(Stored data entries)
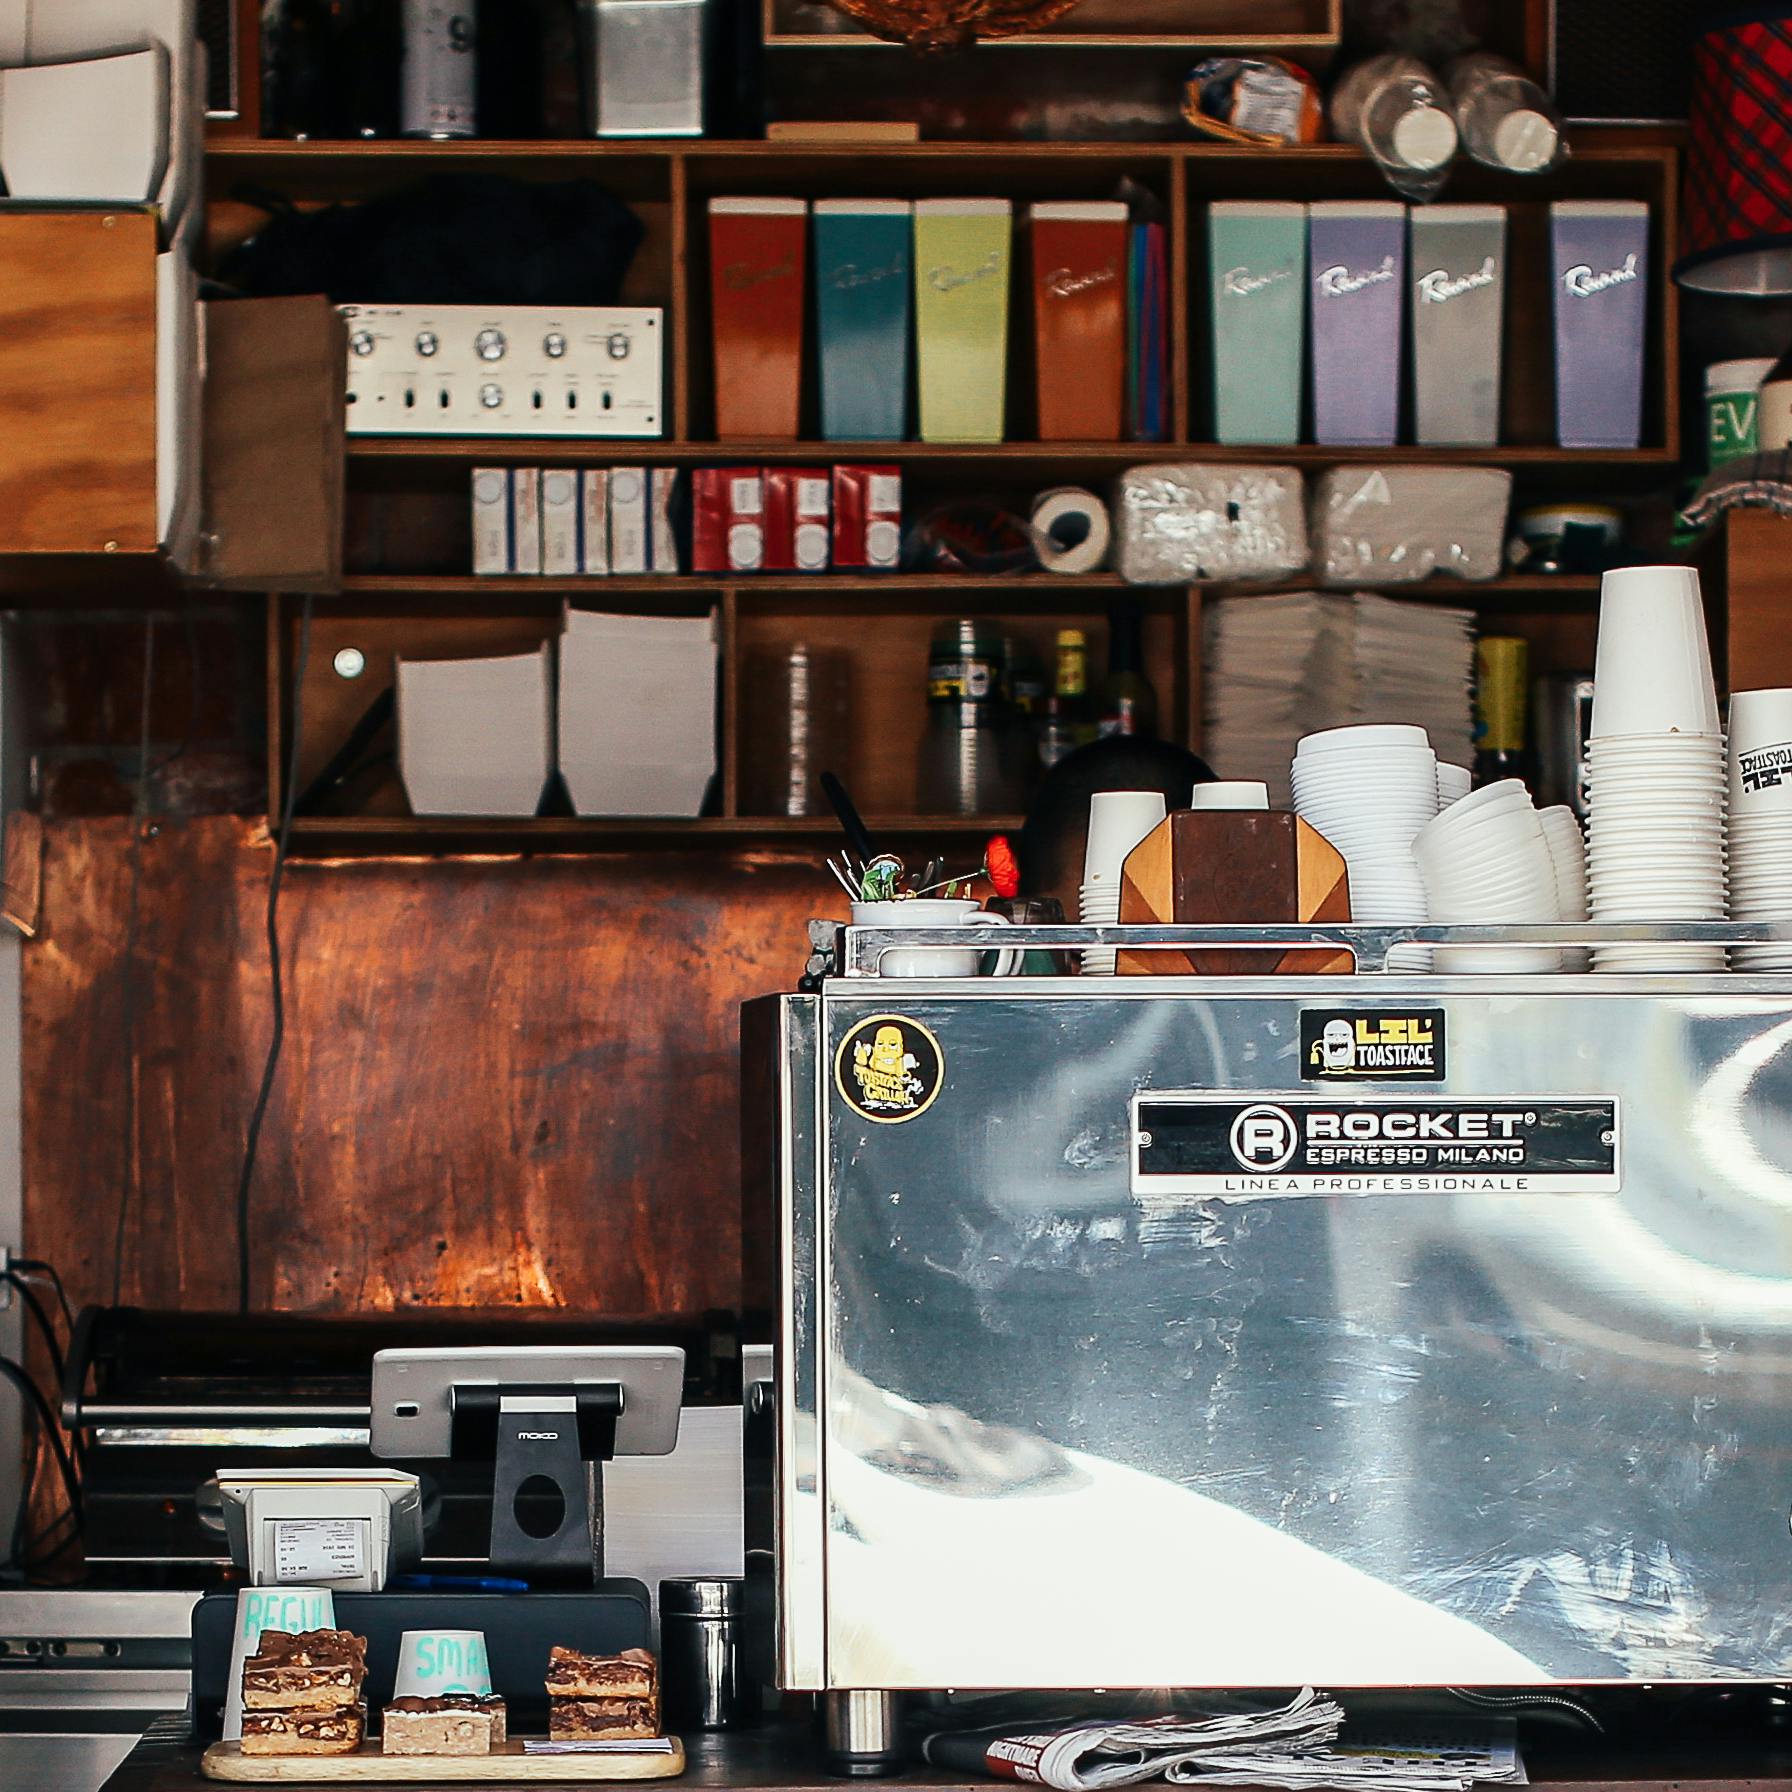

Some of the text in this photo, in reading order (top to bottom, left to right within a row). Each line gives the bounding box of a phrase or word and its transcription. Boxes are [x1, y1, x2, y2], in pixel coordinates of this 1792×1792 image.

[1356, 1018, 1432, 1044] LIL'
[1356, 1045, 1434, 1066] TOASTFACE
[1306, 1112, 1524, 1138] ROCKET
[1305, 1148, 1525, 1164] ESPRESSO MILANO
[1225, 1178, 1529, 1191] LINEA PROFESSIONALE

- **EXERCISE GOAL**
Every line of the records above should be reproduced exactly, with no pictures included.

- **SOLUTION TO THIS PROBLEM**
Some of the text in this photo, in reading order (top to bottom, left to right within a row). Each line gives the bounding box of a phrase or word and its transcription. Boxes are [x1, y1, x2, y2], in pixel coordinates of this 1792×1792 image.

[1356, 1018, 1432, 1044] LIL'
[1356, 1045, 1434, 1066] TOASTFACE
[1306, 1112, 1524, 1138] ROCKET
[1305, 1148, 1525, 1164] ESPRESSO MILANO
[1225, 1178, 1529, 1191] LINEA PROFESSIONALE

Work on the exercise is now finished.